DATA SHOWN
· · · ·
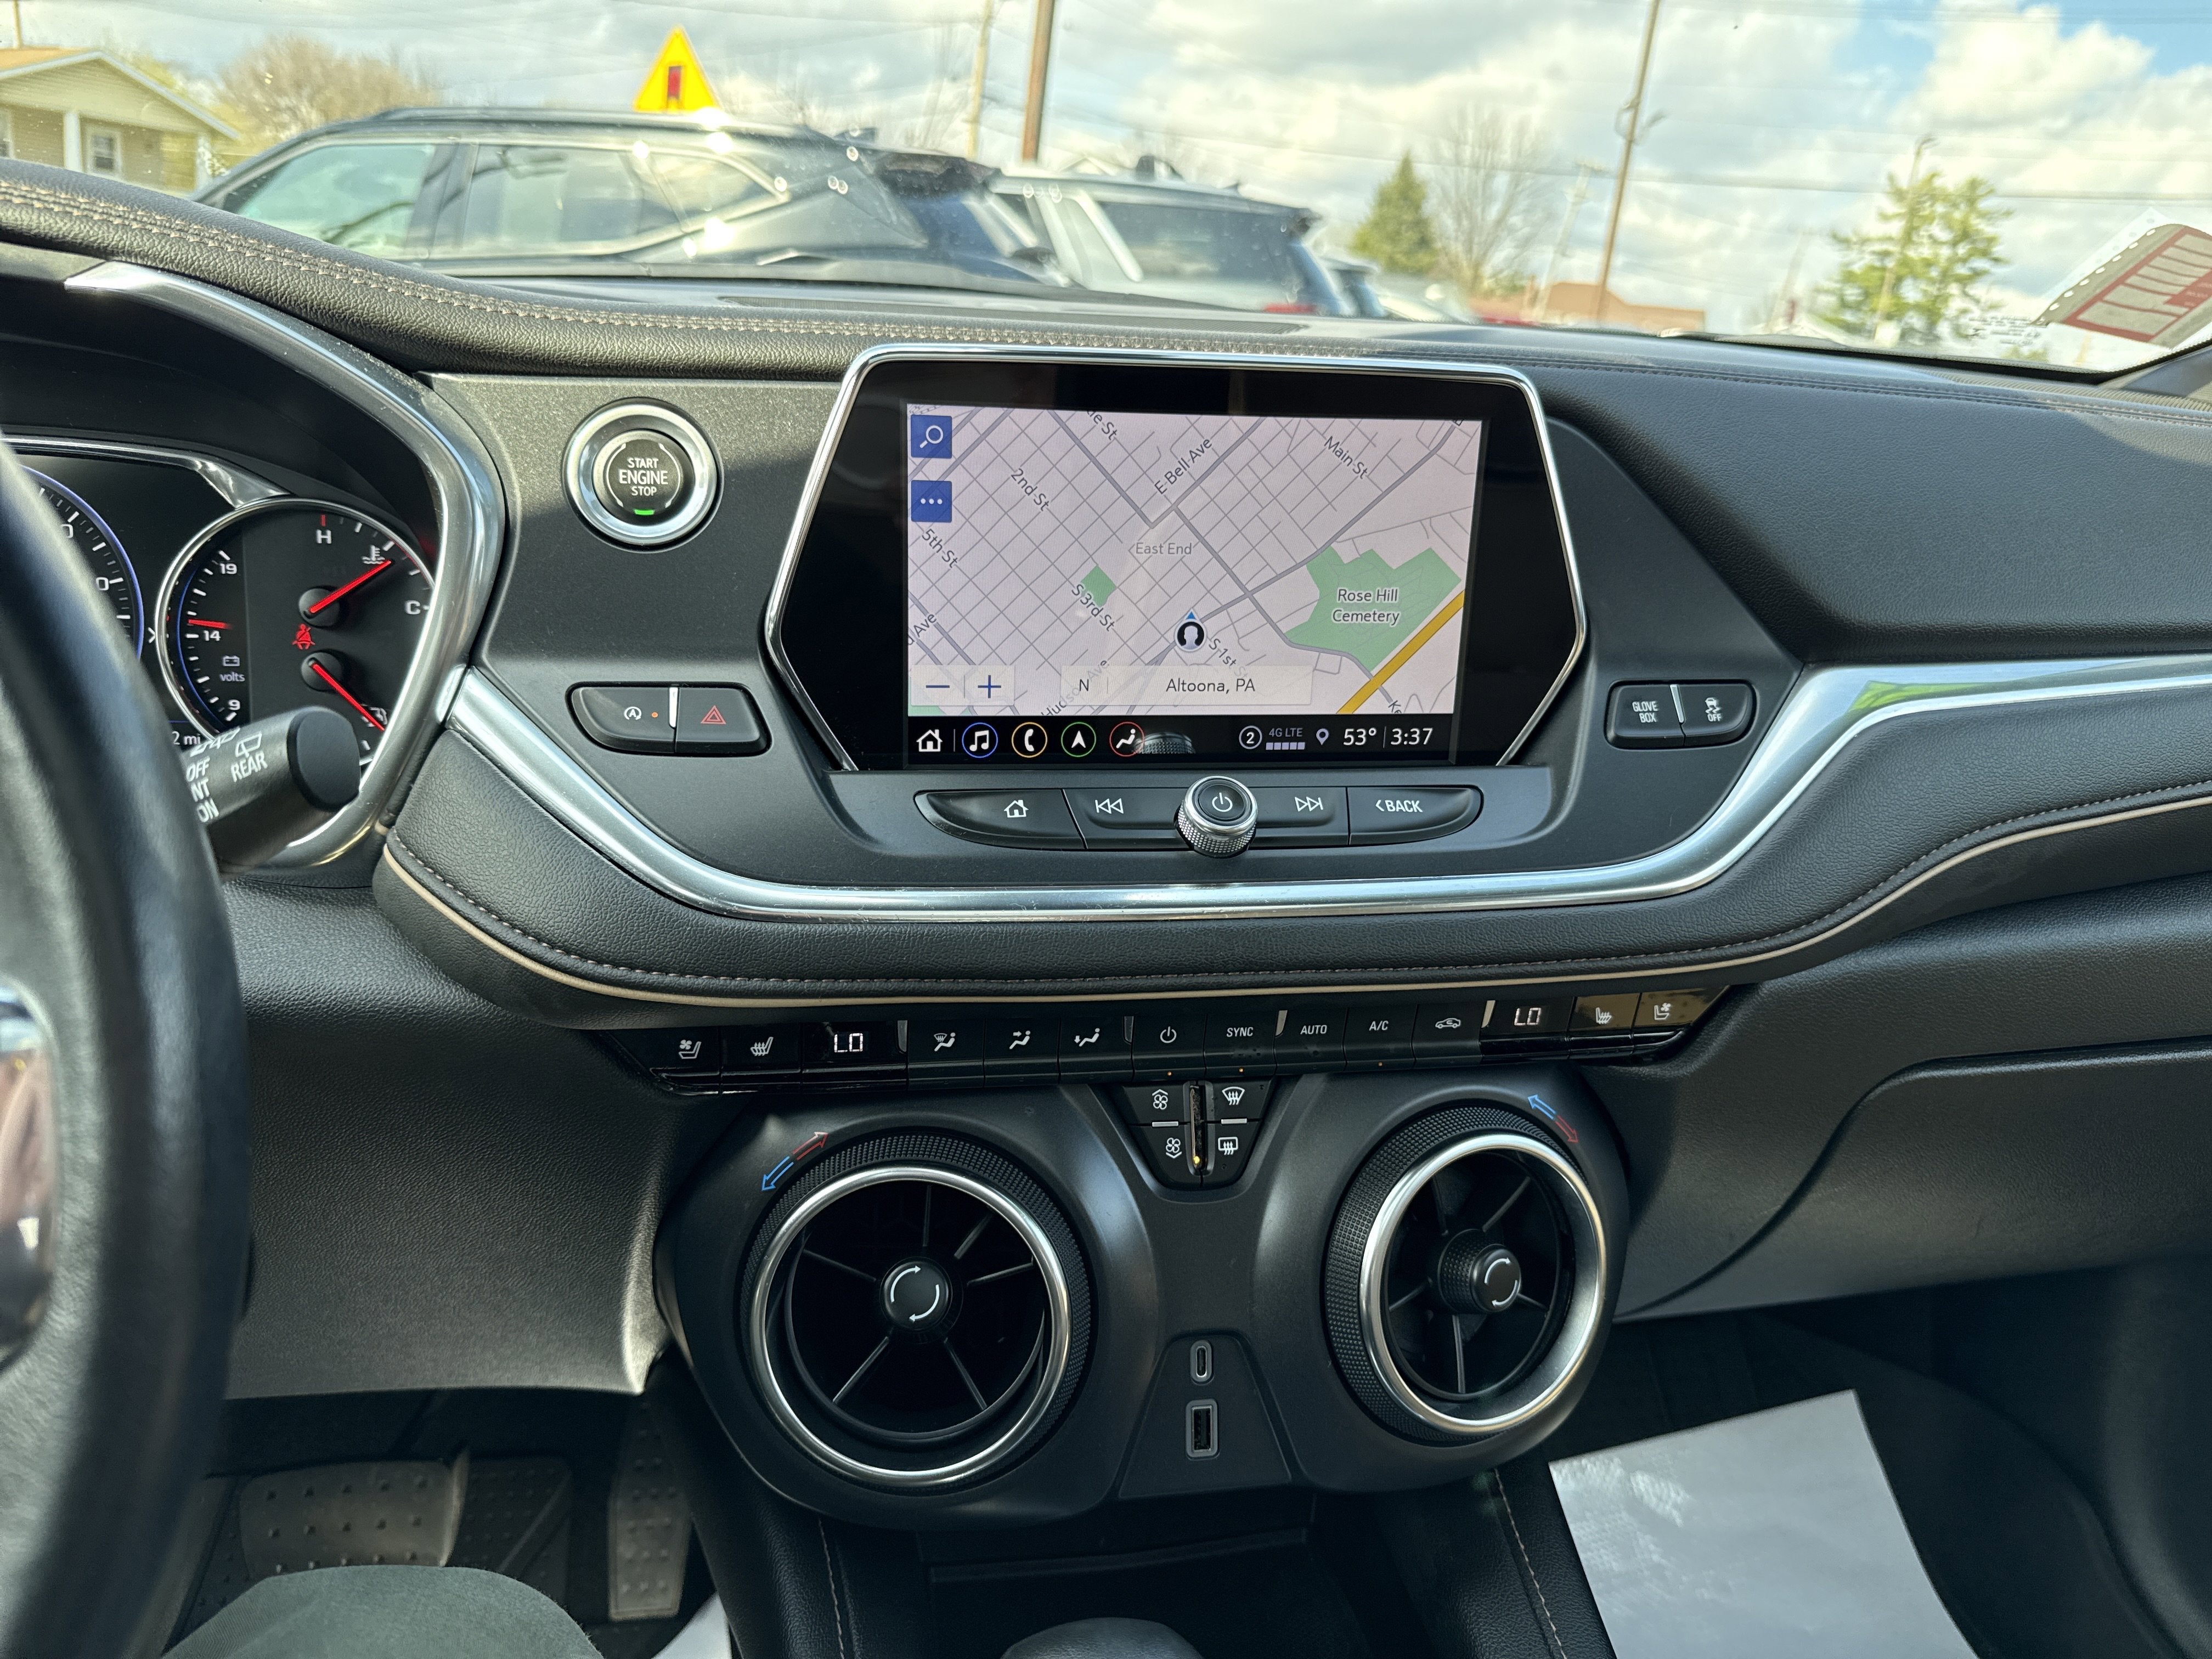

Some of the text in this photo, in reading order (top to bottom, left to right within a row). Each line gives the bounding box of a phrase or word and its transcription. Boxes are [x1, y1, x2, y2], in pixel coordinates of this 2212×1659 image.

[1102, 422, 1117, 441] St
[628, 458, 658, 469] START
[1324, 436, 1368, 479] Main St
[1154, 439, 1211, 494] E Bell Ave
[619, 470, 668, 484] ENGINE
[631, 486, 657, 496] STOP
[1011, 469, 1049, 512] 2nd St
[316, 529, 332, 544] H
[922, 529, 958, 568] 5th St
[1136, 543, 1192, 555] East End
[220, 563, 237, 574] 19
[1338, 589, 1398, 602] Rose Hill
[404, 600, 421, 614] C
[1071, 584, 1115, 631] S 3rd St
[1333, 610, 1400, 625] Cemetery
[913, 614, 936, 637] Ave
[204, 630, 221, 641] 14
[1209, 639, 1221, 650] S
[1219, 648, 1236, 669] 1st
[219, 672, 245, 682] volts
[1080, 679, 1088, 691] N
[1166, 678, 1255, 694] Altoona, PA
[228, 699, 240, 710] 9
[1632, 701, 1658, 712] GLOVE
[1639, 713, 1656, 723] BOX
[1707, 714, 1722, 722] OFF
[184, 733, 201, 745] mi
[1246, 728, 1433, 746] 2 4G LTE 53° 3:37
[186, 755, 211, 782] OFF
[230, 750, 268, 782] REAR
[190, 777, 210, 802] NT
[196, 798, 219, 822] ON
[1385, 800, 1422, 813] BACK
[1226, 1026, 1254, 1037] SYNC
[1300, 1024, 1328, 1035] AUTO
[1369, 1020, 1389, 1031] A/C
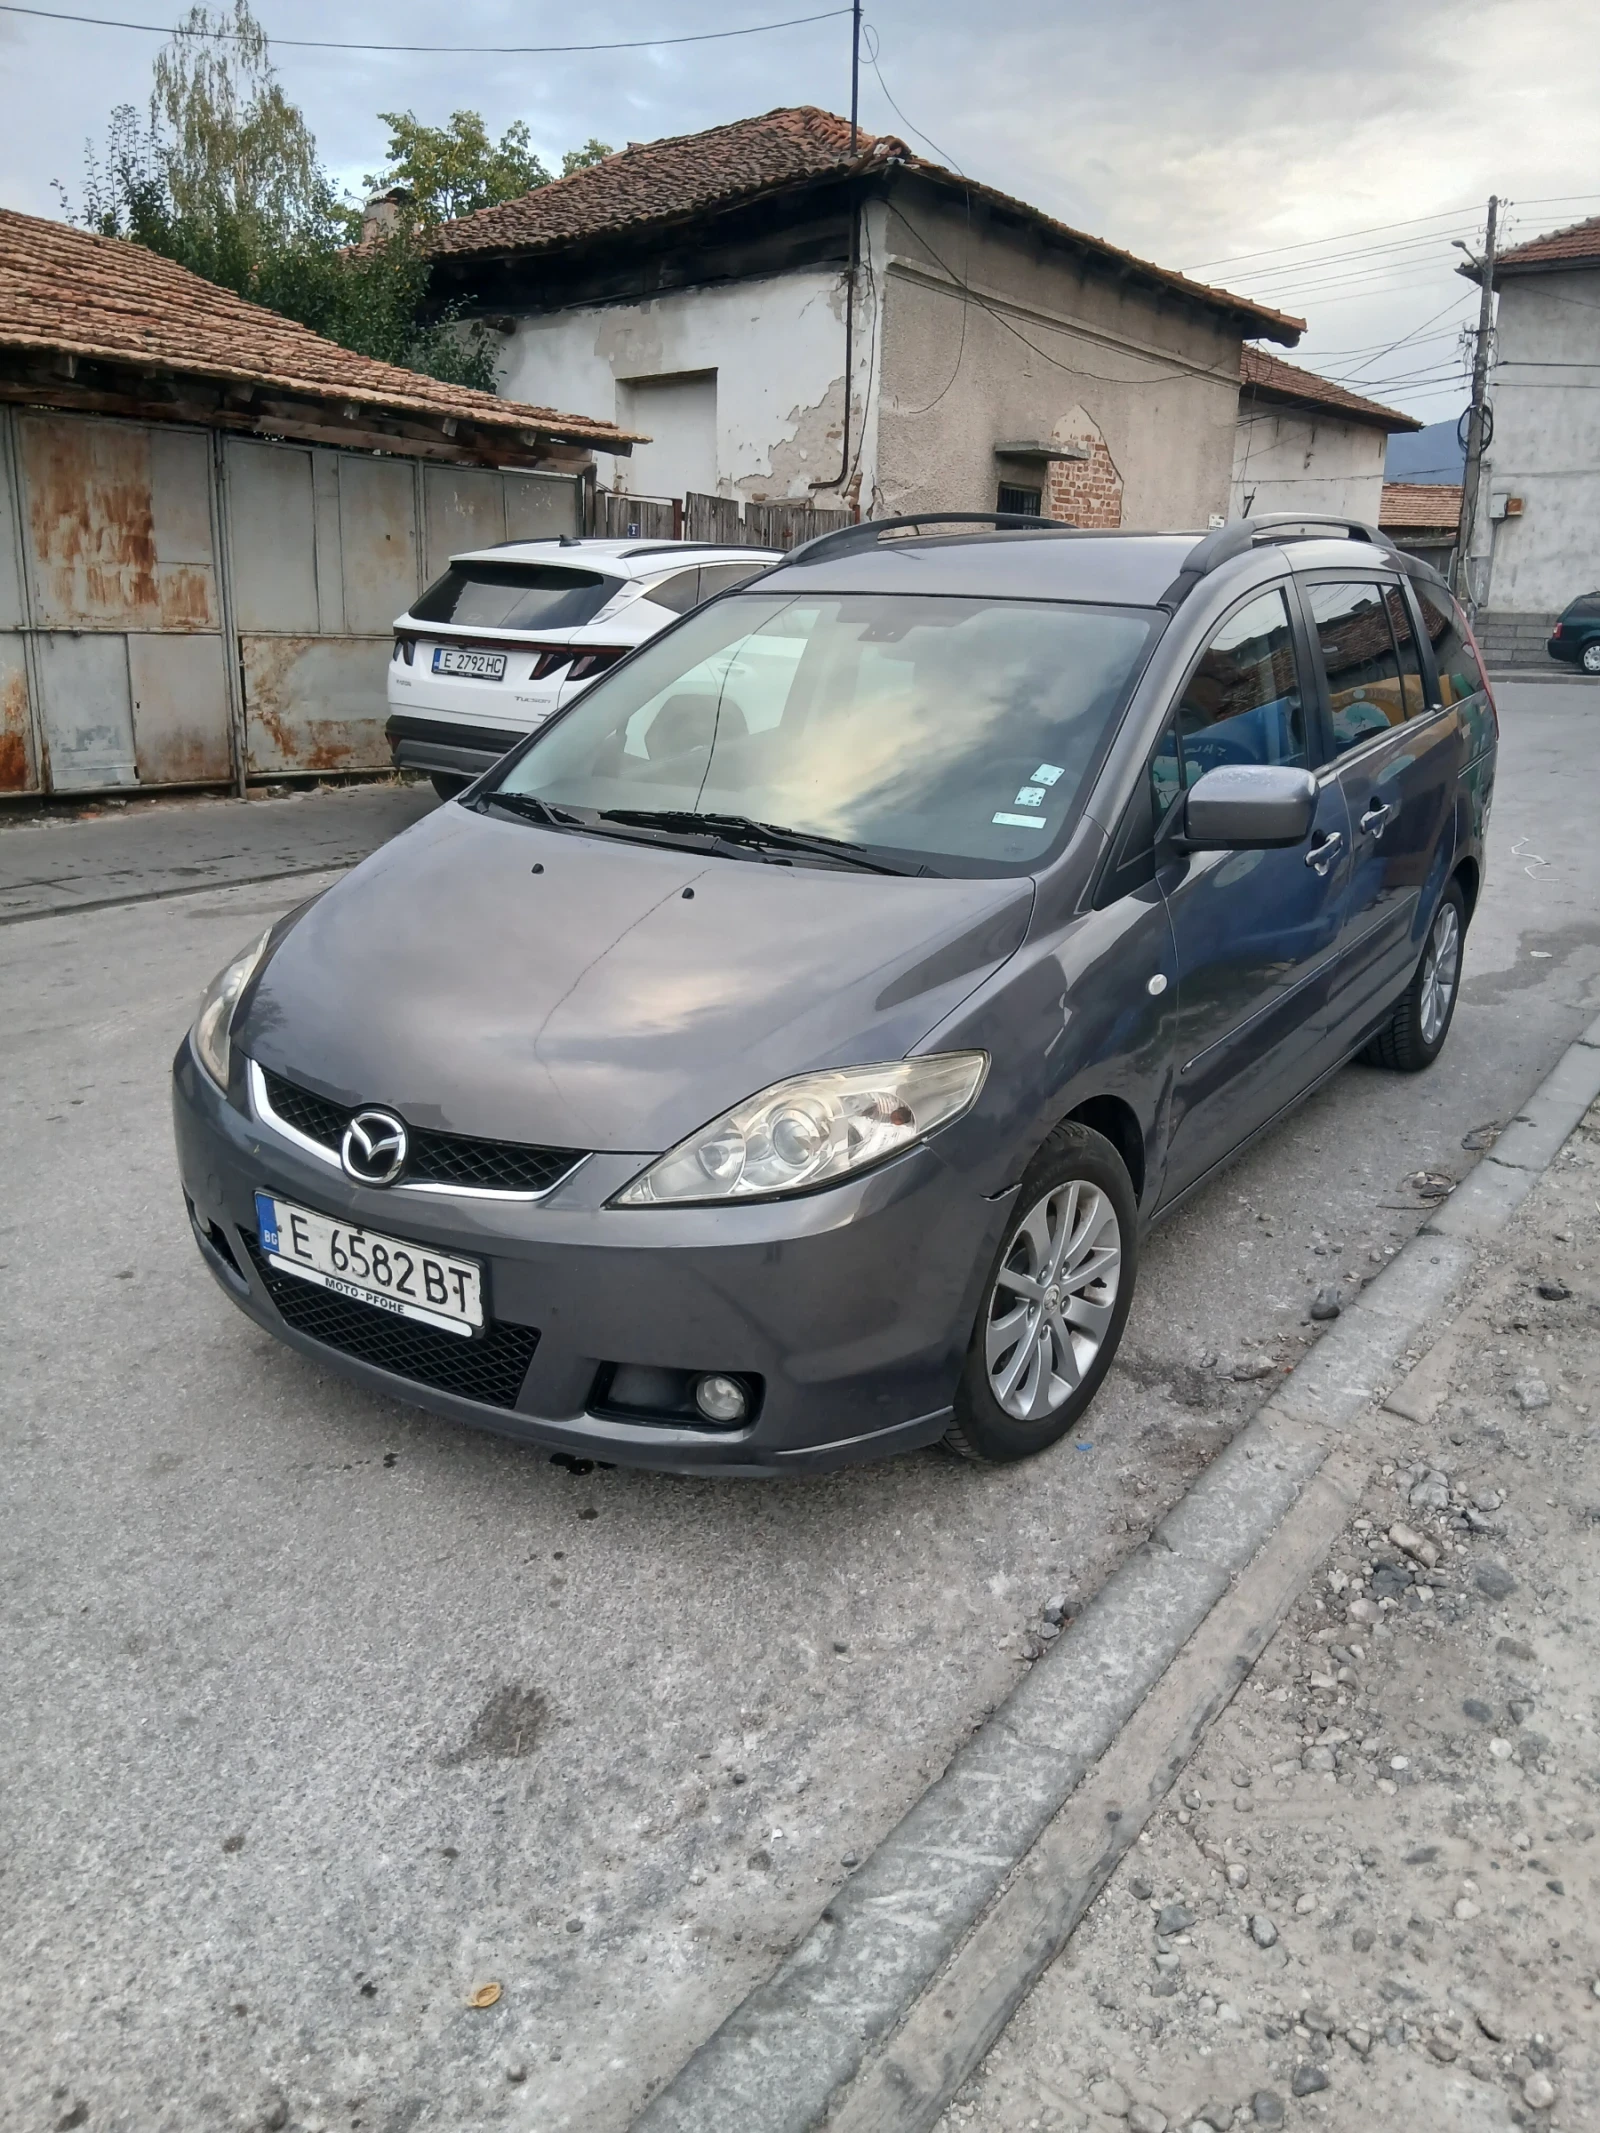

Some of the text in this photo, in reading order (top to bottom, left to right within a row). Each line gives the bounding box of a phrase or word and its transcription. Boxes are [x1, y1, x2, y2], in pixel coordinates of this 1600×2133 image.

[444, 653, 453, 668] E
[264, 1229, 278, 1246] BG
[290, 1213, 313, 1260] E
· · · ·
REQUIREMENT
Leaving the pictures out, output all of the listing exactly.

WRITTEN ANSWER
Some of the text in this photo, in reading order (top to bottom, left to right within a row). Each line gives the bounding box of a phrase or word and its transcription. Boxes are [x1, y1, x2, y2], in pixel coordinates of this 2212×1659 image.

[1102, 422, 1117, 441] St
[628, 458, 658, 469] START
[1324, 436, 1368, 479] Main St
[1154, 439, 1211, 494] E Bell Ave
[619, 470, 668, 484] ENGINE
[631, 486, 657, 496] STOP
[1011, 469, 1049, 512] 2nd St
[316, 529, 332, 544] H
[922, 529, 958, 568] 5th St
[1136, 543, 1192, 555] East End
[220, 563, 237, 574] 19
[1338, 589, 1398, 602] Rose Hill
[404, 600, 421, 614] C
[1071, 584, 1115, 631] S 3rd St
[1333, 610, 1400, 625] Cemetery
[913, 614, 936, 637] Ave
[204, 630, 221, 641] 14
[1209, 639, 1221, 650] S
[1219, 648, 1236, 669] 1st
[219, 672, 245, 682] volts
[1080, 679, 1088, 691] N
[1166, 678, 1255, 694] Altoona, PA
[228, 699, 240, 710] 9
[1632, 701, 1658, 712] GLOVE
[1639, 713, 1656, 723] BOX
[1707, 714, 1722, 722] OFF
[184, 733, 201, 745] mi
[1246, 728, 1433, 746] 2 4G LTE 53° 3:37
[186, 755, 211, 782] OFF
[230, 750, 268, 782] REAR
[190, 777, 210, 802] NT
[196, 798, 219, 822] ON
[1385, 800, 1422, 813] BACK
[1226, 1026, 1254, 1037] SYNC
[1300, 1024, 1328, 1035] AUTO
[1369, 1020, 1389, 1031] A/C

Some of the text in this photo, in reading order (top to bottom, left to right within a row). Each line gives the bounding box of a phrase or word and its transcription. Boxes are [x1, y1, x2, y2], in pixel coordinates of this 1600×2133 image.

[444, 653, 453, 668] E
[264, 1229, 278, 1246] BG
[290, 1213, 313, 1260] E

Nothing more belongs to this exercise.